The Republican Push To Ban TikTok Has Very Little (And Dwindling) Real World Support

from the you-are-not-serious-people dept

We’ve noted repeatedly how the Republican obsession with TikTok is a hollow performance. This is a party that refuses to pass a useful privacy law (or to regulate data brokers). This is a party that generally couldn’t care less about widespread corruption, or its impact on national security.

Yet over the last three years, the press narrative has been that the Republican party supports a TikTok ban because they’re just that concerned about privacy and national security. Time after time, folks like Marsha Blackburn or FCC Commissioner Brendan Carr have enjoyed being portrayed on cable TV news segments as good faith privacy reformers.

It’s absolute gibberish. In reality, the Republican motivation to ban TikTok is a multi-tendrilled, bad faith affair.

Some of it is driven by racism and a desire to animate the similarly xenophobic base. Some of it is anti-competitive nonsense ginned up by Facebook, which doesn’t want to compete with an app they clearly haven’t been able to out-compete or out-innovate.

And some of it is just worry that the increasingly-authoritarian GOP, which has long embraced propaganda in the absence of popular or cogent policies, can’t control TikTok (or bully them away from moderating race-baiting political propaganda like they did with Google and Facebook).

The real GOP motivation for banning TikTok is lousy, and the implementation has been lousier. Most of the GOP bans on TikTok (which require endless billable legal hours to craft) so far have been bypassed by children in all of thirty seconds. Many of the bans have proven unconstitutional. And several of the state AG lawsuits against TikTok have proven to be baseless and largely incoherent.

Regardless of motivation (and despite three years of breathless press coverage presenting the GOP efforts as good faith), actual support for such bans is small and shrinking. One Pew survey recently found that the percentage of American adults who support a ban dropped from 50% in March to 38% now. And of course support for a ban is far worse among those aged 13-17 (18%) that actually use the app.

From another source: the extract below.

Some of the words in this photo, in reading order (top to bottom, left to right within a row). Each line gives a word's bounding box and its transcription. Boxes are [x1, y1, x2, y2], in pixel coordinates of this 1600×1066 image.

Even Republican support for a TikTok ban could soon be a minority position within the party:

None of this means that TikTok isn’t a problem. Like most companies, it over-collects too much data, monetizes it, fails to adequately secure it, and wants to sell access to it to any nitwit with a nickel. It was caught spying on journalists. Just like most American companies, it loves the idea of stripping away your legal rights. And yes, there are valid concerns about exploitation by Chinese intelligence.

But again, if you actually care about privacy and national security, banning a single app (clumsily) and then declaring mission accomplished is an empty performance.

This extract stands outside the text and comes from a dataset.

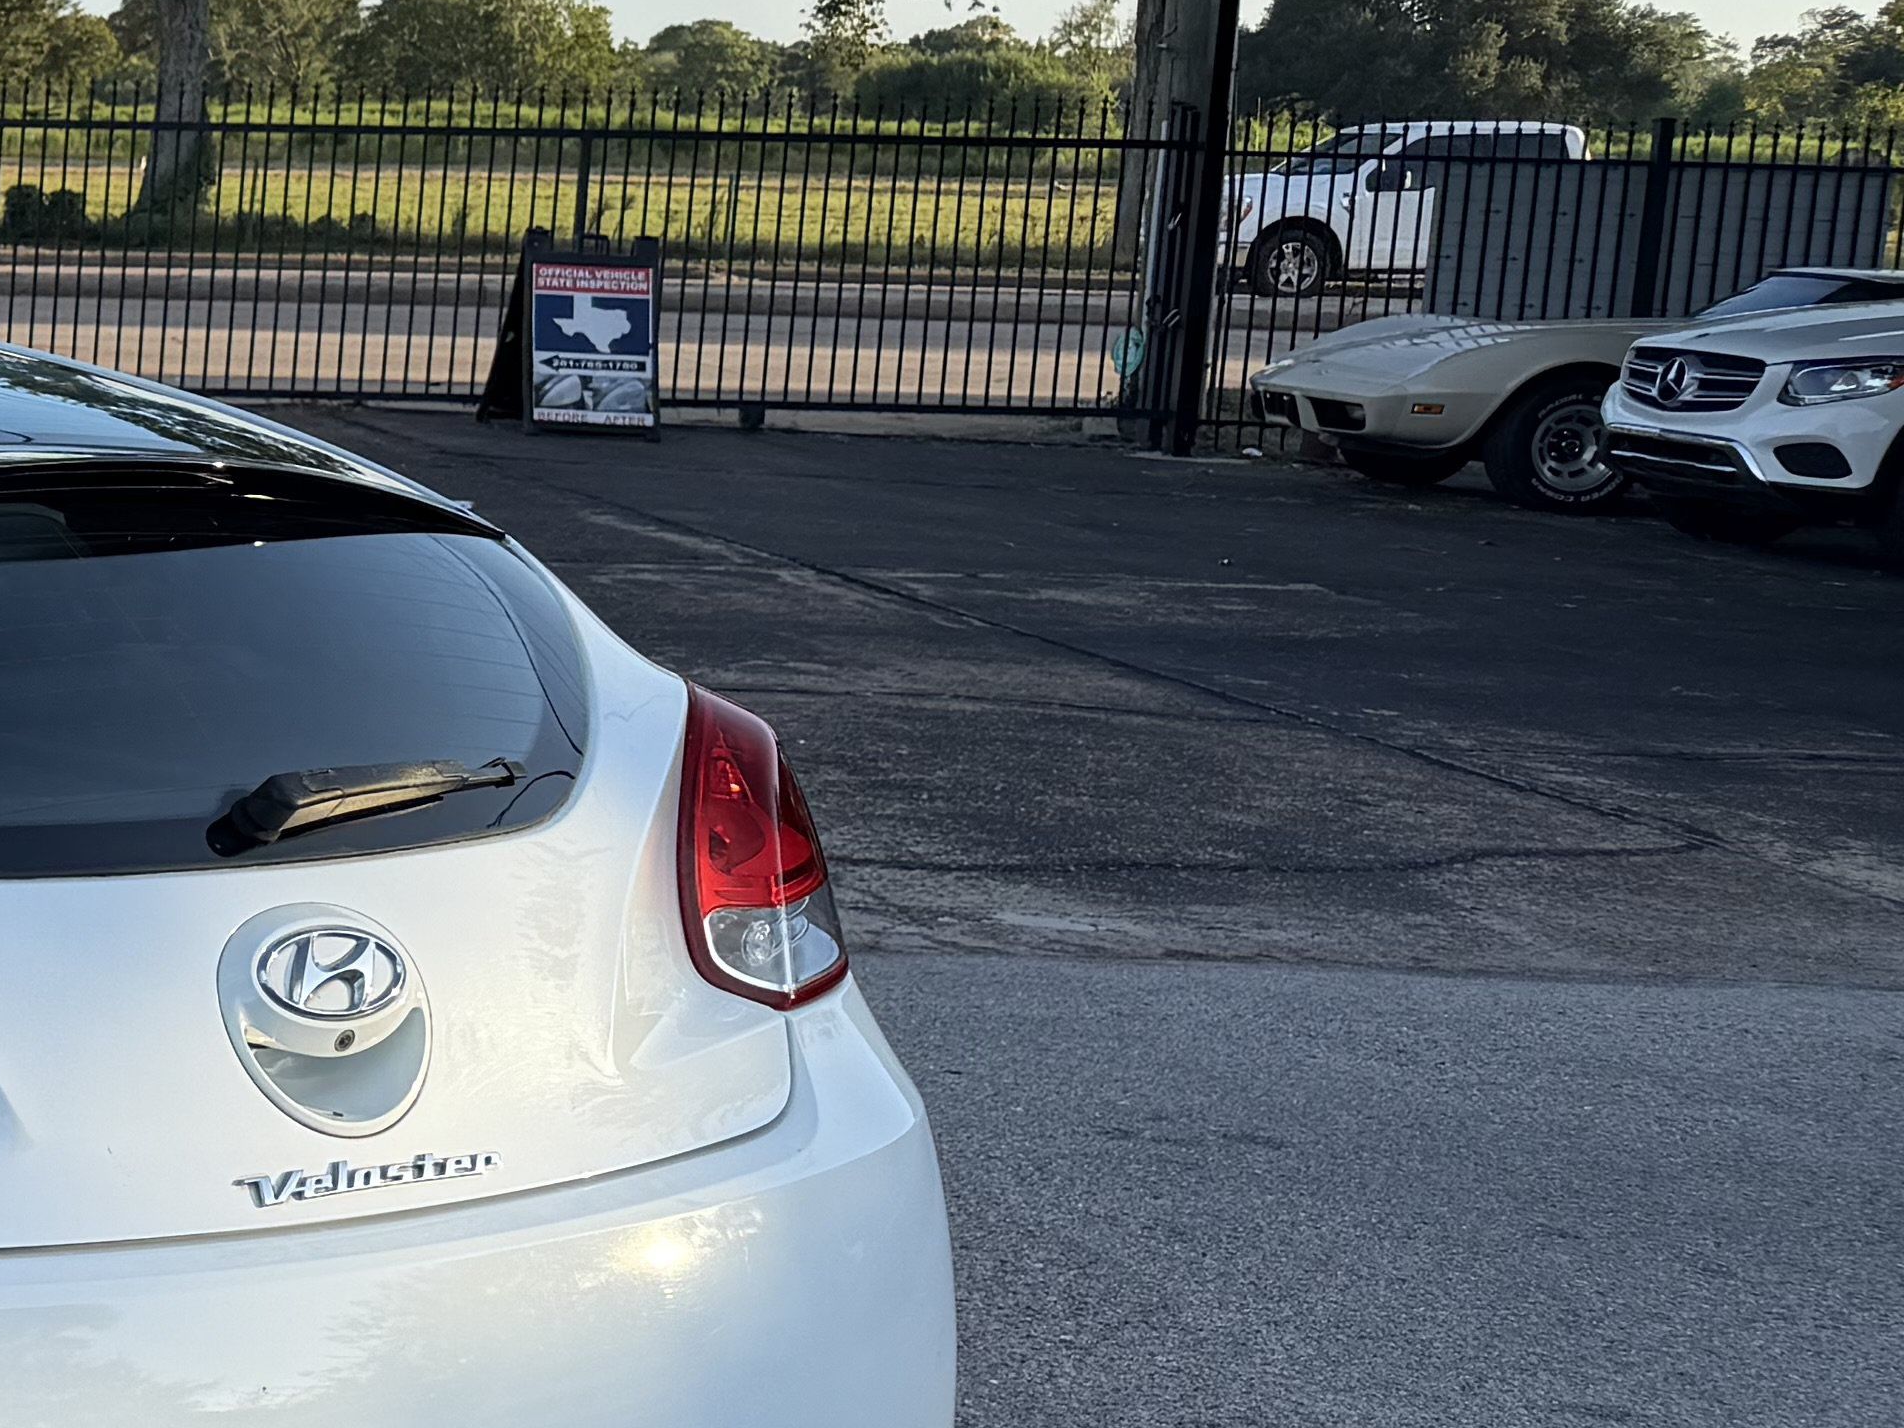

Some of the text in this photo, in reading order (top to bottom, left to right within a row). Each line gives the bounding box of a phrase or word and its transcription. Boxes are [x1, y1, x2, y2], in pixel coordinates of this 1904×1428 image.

[538, 266, 646, 281] OFFICIAL VEHICLE
[537, 277, 648, 292] STATE INSPECTION
[536, 411, 646, 427] BEFORE AFTER
[231, 1150, 505, 1209] Veloster

Actually fixing these things at any real scale means shaking off congressional corruption to pass a halfway decent privacy law. Actually addressing the problem requires regulating data brokers, which operate at much greater scale and routinely sell access to far more data to anybody with a few nickels to rub together (including Chinese intelligence). Shoring up national security requires attacking corruption.

As an increasingly corrupt, authoritarian party, the GOP supports none of these things, and it seems like after several years of hyperventilation, the message is getting through that their “reforms,” when it comes to TikTok, are largely just sound and fury, signifying nothing.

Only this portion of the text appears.